- DATA TO PROCESS -
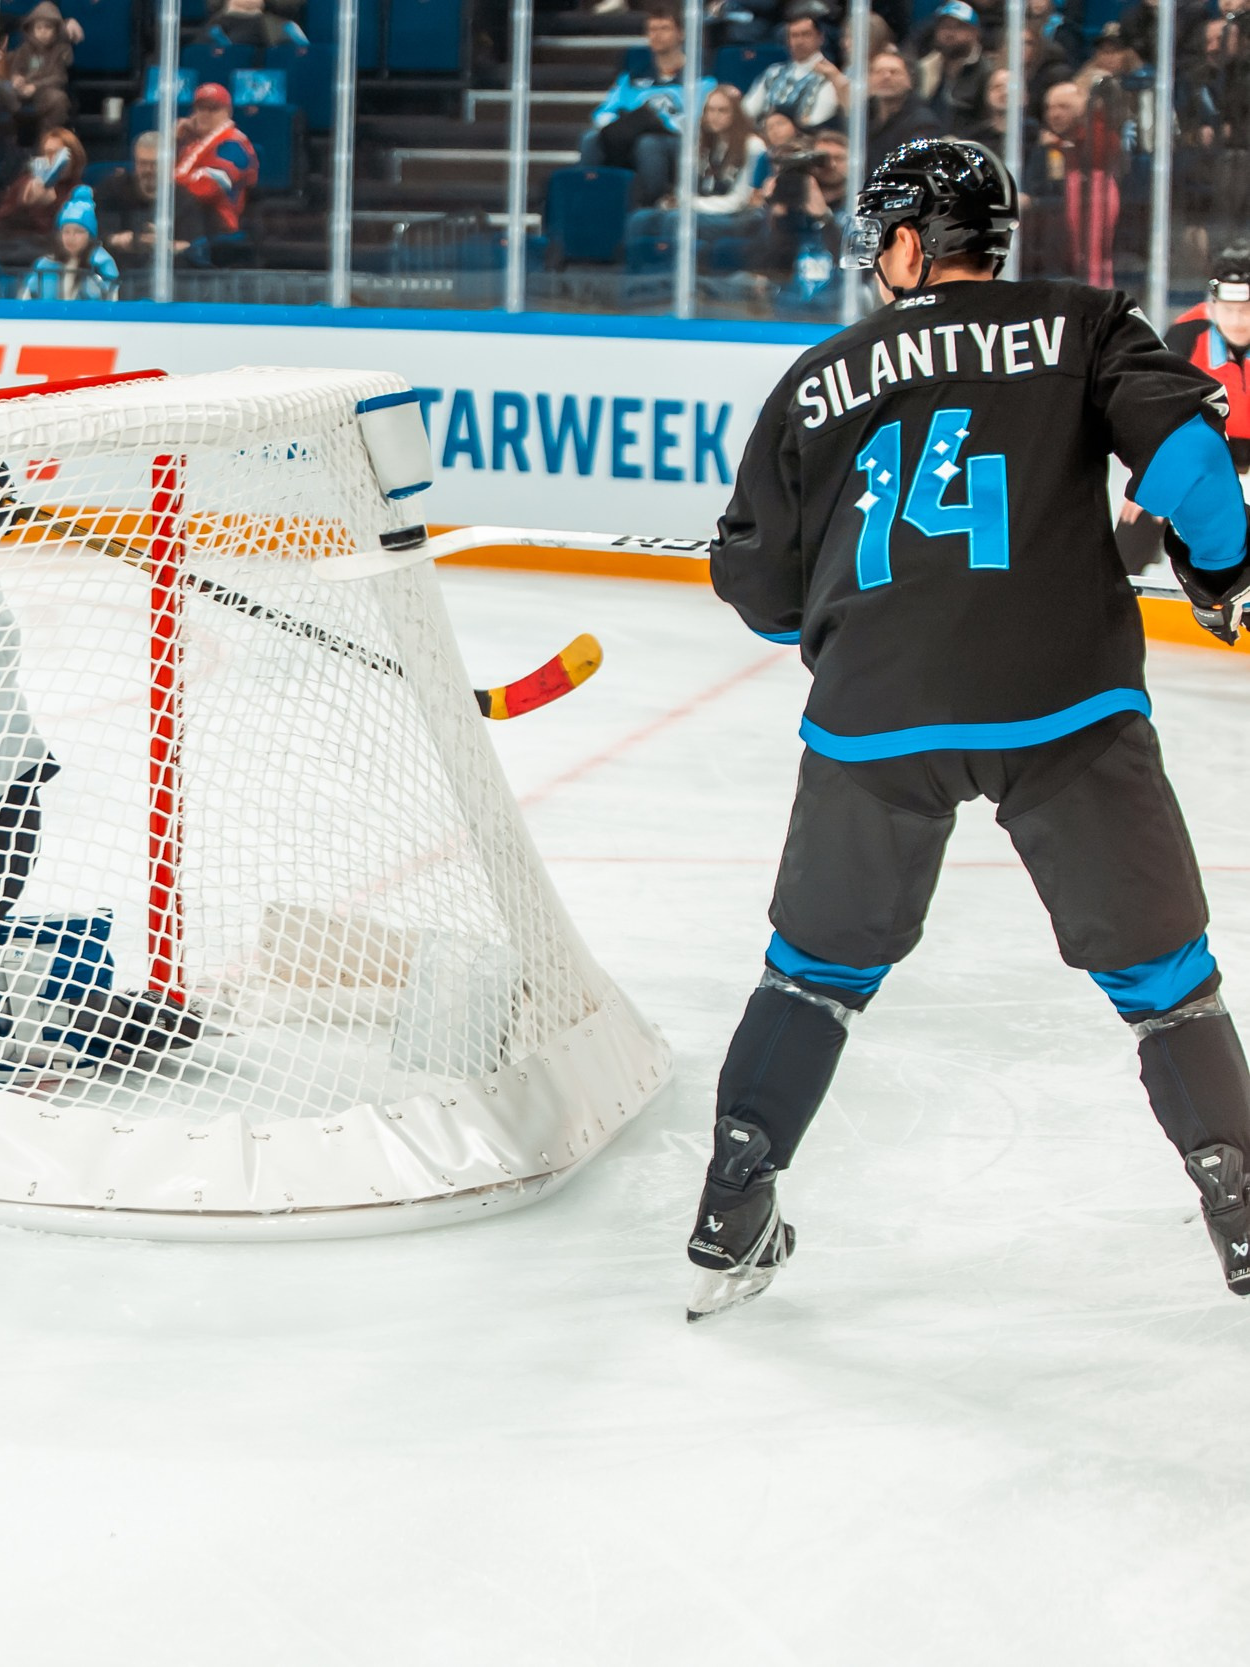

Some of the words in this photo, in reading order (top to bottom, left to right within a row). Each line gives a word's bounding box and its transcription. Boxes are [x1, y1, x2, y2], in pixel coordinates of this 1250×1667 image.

[883, 196, 914, 209] CCM
[796, 315, 1066, 430] SILANTYEV
[854, 408, 1010, 591] 14
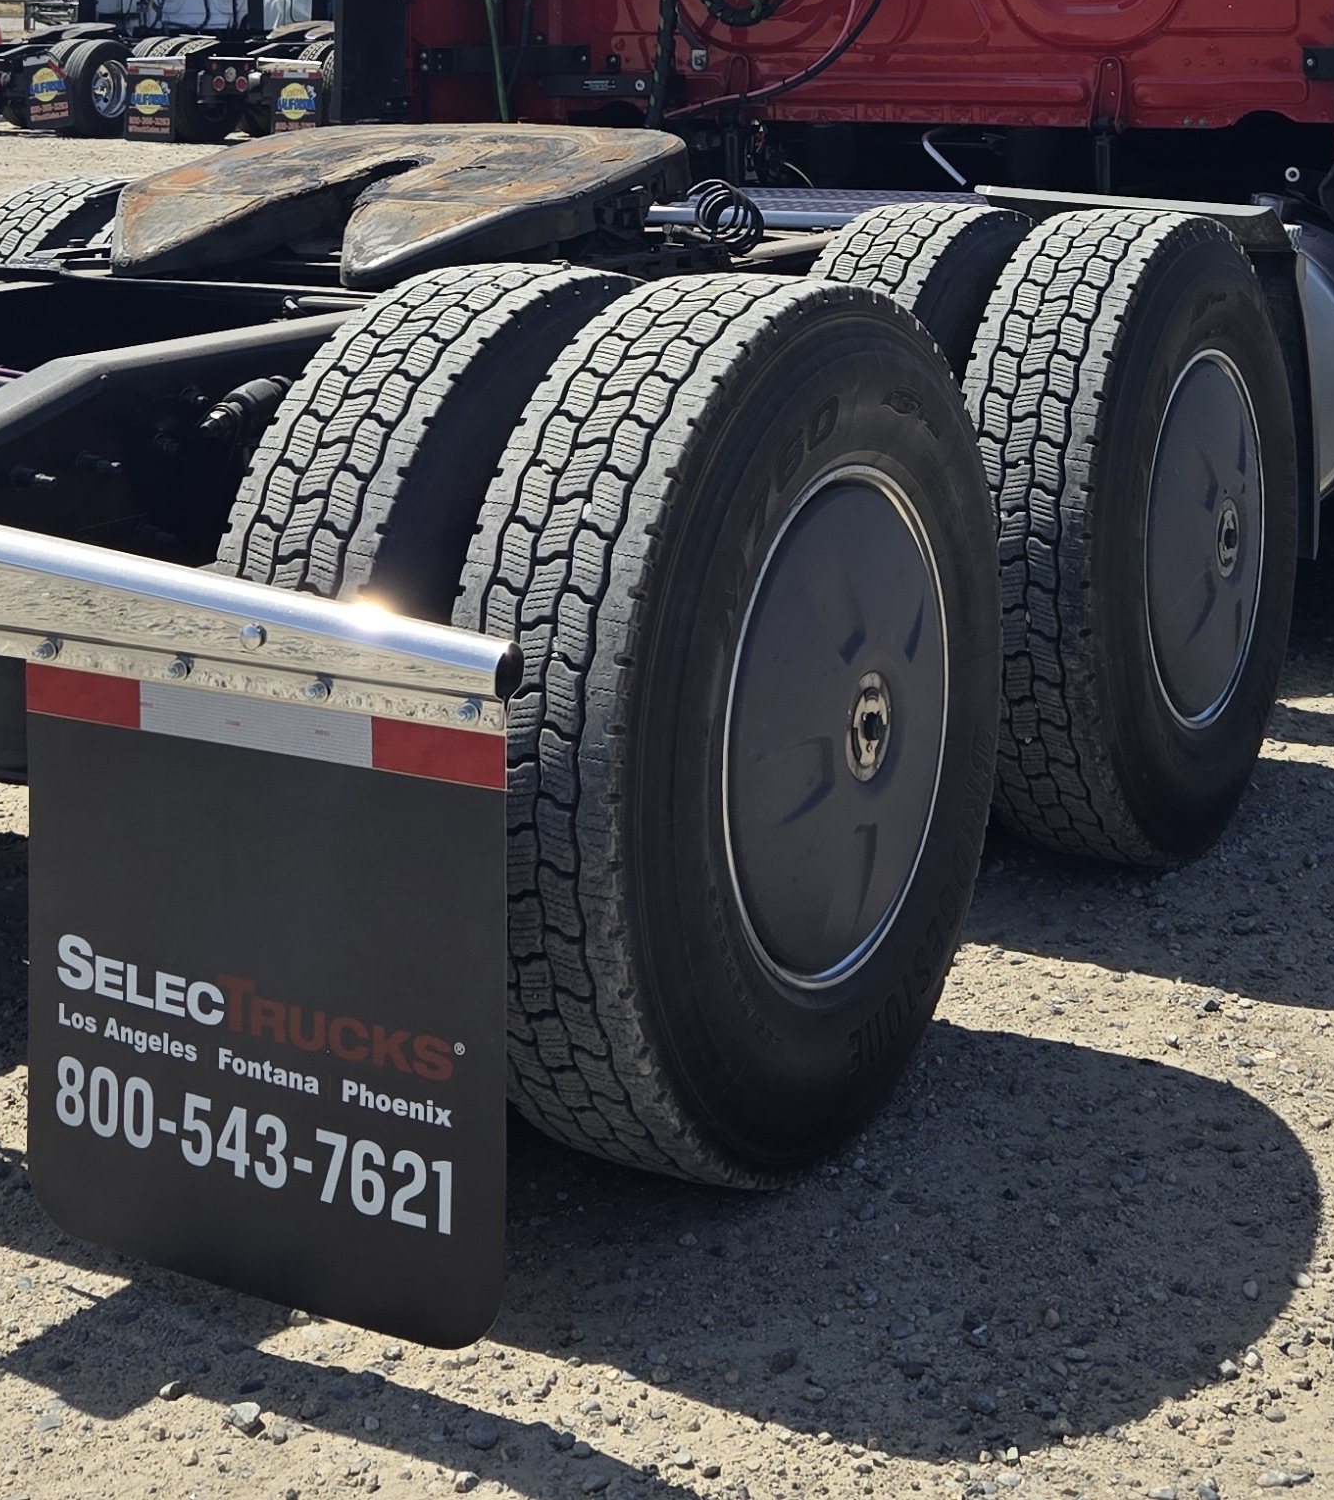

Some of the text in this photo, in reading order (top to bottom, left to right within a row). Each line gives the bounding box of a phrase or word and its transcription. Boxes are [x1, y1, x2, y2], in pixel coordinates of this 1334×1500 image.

[58, 1002, 453, 1128] Los Angeles Fontana Phoenix
[55, 1055, 453, 1235] 800-543-7621
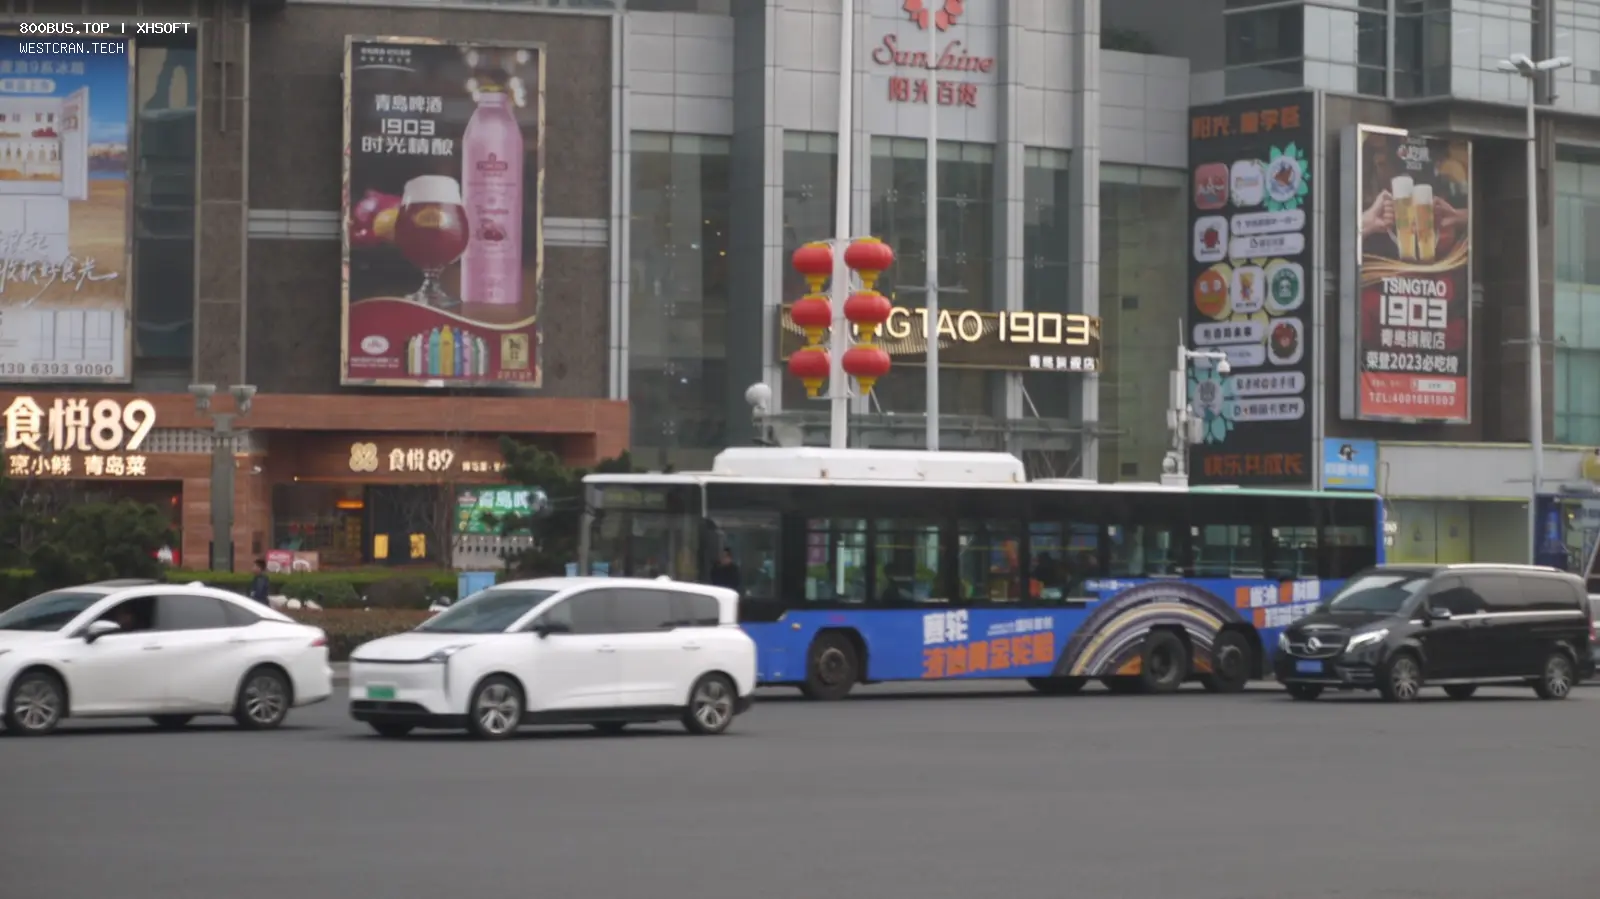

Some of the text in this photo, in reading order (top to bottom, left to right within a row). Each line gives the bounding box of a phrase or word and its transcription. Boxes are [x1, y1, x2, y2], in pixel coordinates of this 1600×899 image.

[872, 33, 995, 73] Sunhine
[375, 93, 443, 113] 青岛啤酒
[381, 118, 436, 136] 1903
[361, 135, 454, 156] 时光精酿
[1381, 276, 1447, 297] TSINGTAO
[1380, 295, 1448, 328] 1903
[999, 309, 1090, 345] 1903
[1381, 329, 1446, 350] 青岛旗舰店
[1366, 351, 1459, 373] 荣登2023必吃榜
[3, 396, 157, 451] 食悦89
[10, 454, 148, 476] 烹小鲜 青岛菜
[388, 447, 456, 472] 食悦89
[479, 490, 548, 510] 青岛啤
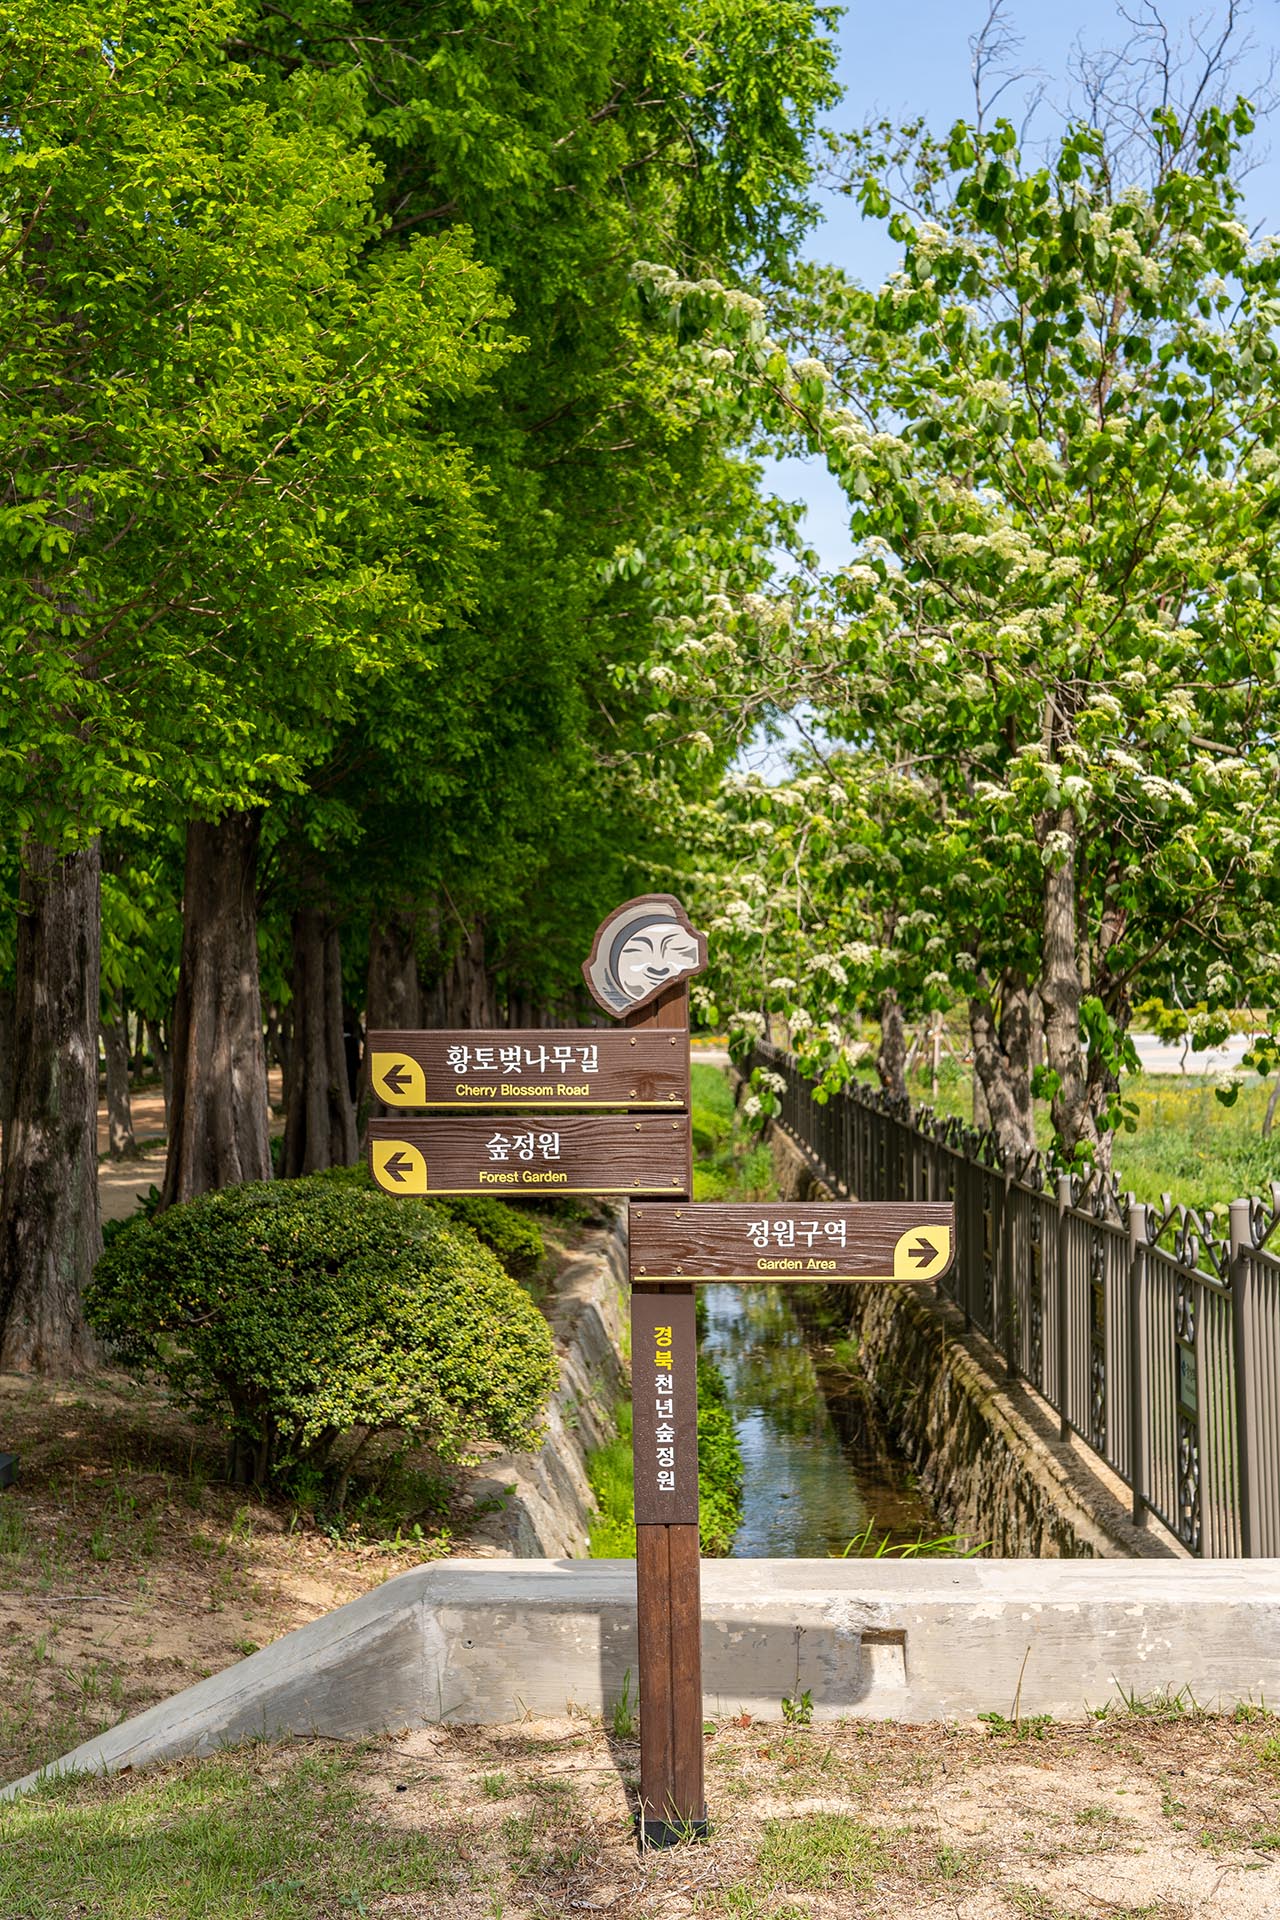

- WHAT YOU ARE ASKED TO DO -
Every line above has to be output exactly; the pictures must be dropped.

- THE ANSWER -
Some of the words in this photo, in reading order (top to bottom, left to right within a row). Each line gives a word's bounding box and its transcription. Boxes are [x1, y1, x2, y2], in pixel coordinates of this 1250×1667 image.

[883, 196, 914, 209] CCM
[796, 315, 1066, 430] SILANTYEV
[854, 408, 1010, 591] 14

Some of the text in this photo, in reading order (top to bottom, left to right within a row). Each line gives the bounding box of a phrase or word and its transcription. Boxes are [x1, y1, x2, y2], in pixel coordinates of this 1334×1500 image.

[58, 1002, 453, 1128] Los Angeles Fontana Phoenix
[55, 1055, 453, 1235] 800-543-7621

Some of the text in this photo, in reading order (top to bottom, left to right within a row). Each line gives the bounding box of a phrase or word and its transcription. Boxes are [x1, y1, x2, y2], in pixel coordinates of this 1600×899 image.

[872, 33, 995, 73] Sunhine
[375, 93, 443, 113] 青岛啤酒
[381, 118, 436, 136] 1903
[361, 135, 454, 156] 时光精酿
[1381, 276, 1447, 297] TSINGTAO
[1380, 295, 1448, 328] 1903
[999, 309, 1090, 345] 1903
[1381, 329, 1446, 350] 青岛旗舰店
[1366, 351, 1459, 373] 荣登2023必吃榜
[3, 396, 157, 451] 食悦89
[10, 454, 148, 476] 烹小鲜 青岛菜
[388, 447, 456, 472] 食悦89
[479, 490, 548, 510] 青岛啤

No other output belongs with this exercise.